> _Information shown_:
-------------------------

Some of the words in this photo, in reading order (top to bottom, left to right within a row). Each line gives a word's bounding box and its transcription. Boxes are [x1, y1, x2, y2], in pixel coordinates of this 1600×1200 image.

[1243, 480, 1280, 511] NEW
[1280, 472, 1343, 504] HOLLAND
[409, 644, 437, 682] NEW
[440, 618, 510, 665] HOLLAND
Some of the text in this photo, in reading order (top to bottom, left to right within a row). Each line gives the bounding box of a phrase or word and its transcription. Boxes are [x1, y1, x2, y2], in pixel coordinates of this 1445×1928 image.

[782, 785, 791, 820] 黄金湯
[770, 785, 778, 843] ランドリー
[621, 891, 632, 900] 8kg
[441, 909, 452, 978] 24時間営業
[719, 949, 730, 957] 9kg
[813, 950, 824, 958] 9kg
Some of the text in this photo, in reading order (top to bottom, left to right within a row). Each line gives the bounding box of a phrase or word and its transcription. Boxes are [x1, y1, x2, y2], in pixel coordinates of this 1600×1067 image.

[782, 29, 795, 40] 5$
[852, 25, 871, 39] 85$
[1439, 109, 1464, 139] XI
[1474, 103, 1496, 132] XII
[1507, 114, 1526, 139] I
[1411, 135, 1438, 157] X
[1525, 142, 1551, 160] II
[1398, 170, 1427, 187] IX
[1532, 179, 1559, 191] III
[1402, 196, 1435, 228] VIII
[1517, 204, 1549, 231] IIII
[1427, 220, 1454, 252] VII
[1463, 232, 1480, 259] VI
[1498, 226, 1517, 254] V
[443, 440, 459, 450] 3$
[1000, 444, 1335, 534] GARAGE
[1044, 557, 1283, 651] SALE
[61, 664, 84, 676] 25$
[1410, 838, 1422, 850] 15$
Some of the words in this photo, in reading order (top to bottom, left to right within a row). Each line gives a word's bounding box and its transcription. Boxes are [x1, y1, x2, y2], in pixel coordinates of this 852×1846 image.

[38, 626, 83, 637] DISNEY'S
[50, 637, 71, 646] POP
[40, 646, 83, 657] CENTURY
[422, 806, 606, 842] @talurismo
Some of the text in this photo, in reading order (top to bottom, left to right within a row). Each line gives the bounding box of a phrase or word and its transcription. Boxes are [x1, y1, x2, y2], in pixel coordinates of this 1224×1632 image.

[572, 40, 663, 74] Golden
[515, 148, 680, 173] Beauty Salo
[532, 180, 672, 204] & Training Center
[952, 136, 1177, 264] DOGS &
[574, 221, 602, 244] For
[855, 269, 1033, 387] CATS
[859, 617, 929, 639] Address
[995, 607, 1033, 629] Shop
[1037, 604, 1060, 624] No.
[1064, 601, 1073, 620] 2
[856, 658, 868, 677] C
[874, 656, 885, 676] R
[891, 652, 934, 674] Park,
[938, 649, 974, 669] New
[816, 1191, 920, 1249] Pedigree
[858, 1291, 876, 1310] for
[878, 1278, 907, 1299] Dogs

-------------------------

> _Exercise brief_: Please repeat each entry. Keep every word the same.

> _Solution to this task_:
Some of the words in this photo, in reading order (top to bottom, left to right within a row). Each line gives a word's bounding box and its transcription. Boxes are [x1, y1, x2, y2], in pixel coordinates of this 1600×1200 image.

[1243, 480, 1280, 511] NEW
[1280, 472, 1343, 504] HOLLAND
[409, 644, 437, 682] NEW
[440, 618, 510, 665] HOLLAND
Some of the text in this photo, in reading order (top to bottom, left to right within a row). Each line gives the bounding box of a phrase or word and its transcription. Boxes are [x1, y1, x2, y2], in pixel coordinates of this 1445×1928 image.

[782, 785, 791, 820] 黄金湯
[770, 785, 778, 843] ランドリー
[621, 891, 632, 900] 8kg
[441, 909, 452, 978] 24時間営業
[719, 949, 730, 957] 9kg
[813, 950, 824, 958] 9kg
Some of the text in this photo, in reading order (top to bottom, left to right within a row). Each line gives the bounding box of a phrase or word and its transcription. Boxes are [x1, y1, x2, y2], in pixel coordinates of this 1600×1067 image.

[782, 29, 795, 40] 5$
[852, 25, 871, 39] 85$
[1439, 109, 1464, 139] XI
[1474, 103, 1496, 132] XII
[1507, 114, 1526, 139] I
[1411, 135, 1438, 157] X
[1525, 142, 1551, 160] II
[1398, 170, 1427, 187] IX
[1532, 179, 1559, 191] III
[1402, 196, 1435, 228] VIII
[1517, 204, 1549, 231] IIII
[1427, 220, 1454, 252] VII
[1463, 232, 1480, 259] VI
[1498, 226, 1517, 254] V
[443, 440, 459, 450] 3$
[1000, 444, 1335, 534] GARAGE
[1044, 557, 1283, 651] SALE
[61, 664, 84, 676] 25$
[1410, 838, 1422, 850] 15$
Some of the words in this photo, in reading order (top to bottom, left to right within a row). Each line gives a word's bounding box and its transcription. Boxes are [x1, y1, x2, y2], in pixel coordinates of this 852×1846 image.

[38, 626, 83, 637] DISNEY'S
[50, 637, 71, 646] POP
[40, 646, 83, 657] CENTURY
[422, 806, 606, 842] @talurismo
Some of the text in this photo, in reading order (top to bottom, left to right within a row). Each line gives the bounding box of a phrase or word and its transcription. Boxes are [x1, y1, x2, y2], in pixel coordinates of this 1224×1632 image.

[572, 40, 663, 74] Golden
[515, 148, 680, 173] Beauty Salo
[532, 180, 672, 204] & Training Center
[952, 136, 1177, 264] DOGS &
[574, 221, 602, 244] For
[855, 269, 1033, 387] CATS
[859, 617, 929, 639] Address
[995, 607, 1033, 629] Shop
[1037, 604, 1060, 624] No.
[1064, 601, 1073, 620] 2
[856, 658, 868, 677] C
[874, 656, 885, 676] R
[891, 652, 934, 674] Park,
[938, 649, 974, 669] New
[816, 1191, 920, 1249] Pedigree
[858, 1291, 876, 1310] for
[878, 1278, 907, 1299] Dogs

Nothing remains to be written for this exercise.